▶ **Action item**
Copy out the entries that follow exactly, leaving every picture behind.
-----
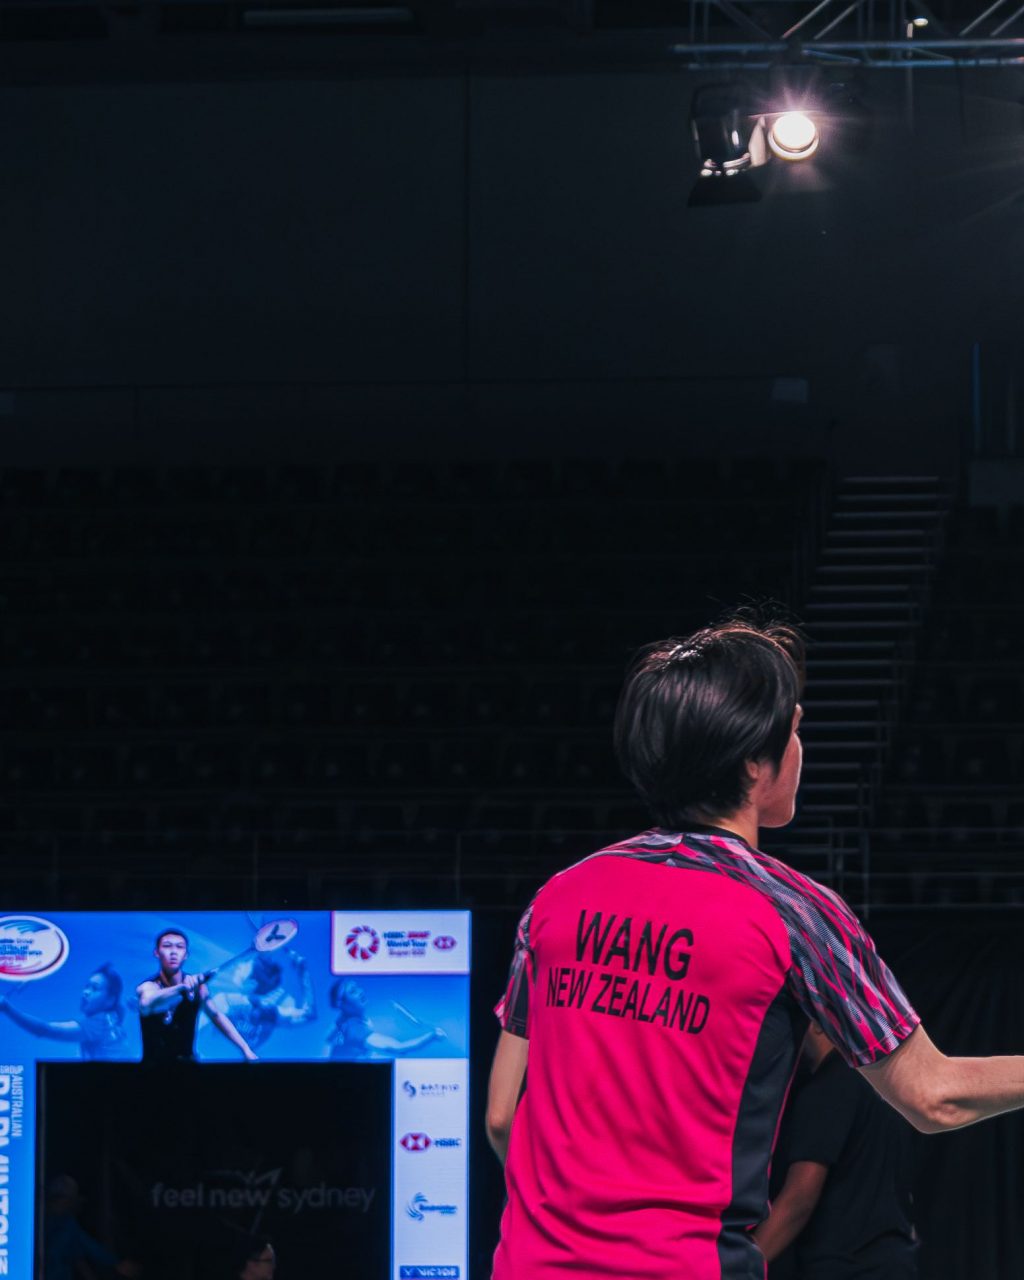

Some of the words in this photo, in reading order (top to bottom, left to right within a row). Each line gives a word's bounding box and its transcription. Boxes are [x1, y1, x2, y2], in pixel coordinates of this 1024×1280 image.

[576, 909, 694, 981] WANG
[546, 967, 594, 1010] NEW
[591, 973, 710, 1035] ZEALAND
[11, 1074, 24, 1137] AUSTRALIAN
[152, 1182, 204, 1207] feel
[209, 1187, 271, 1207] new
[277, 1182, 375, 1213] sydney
-----
▶ **Result**
Some of the words in this photo, in reading order (top to bottom, left to right within a row). Each line gives a word's bounding box and its transcription. Boxes are [x1, y1, x2, y2], in pixel coordinates of this 1024×1280 image.

[576, 909, 694, 981] WANG
[546, 967, 594, 1010] NEW
[591, 973, 710, 1035] ZEALAND
[11, 1074, 24, 1137] AUSTRALIAN
[152, 1182, 204, 1207] feel
[209, 1187, 271, 1207] new
[277, 1182, 375, 1213] sydney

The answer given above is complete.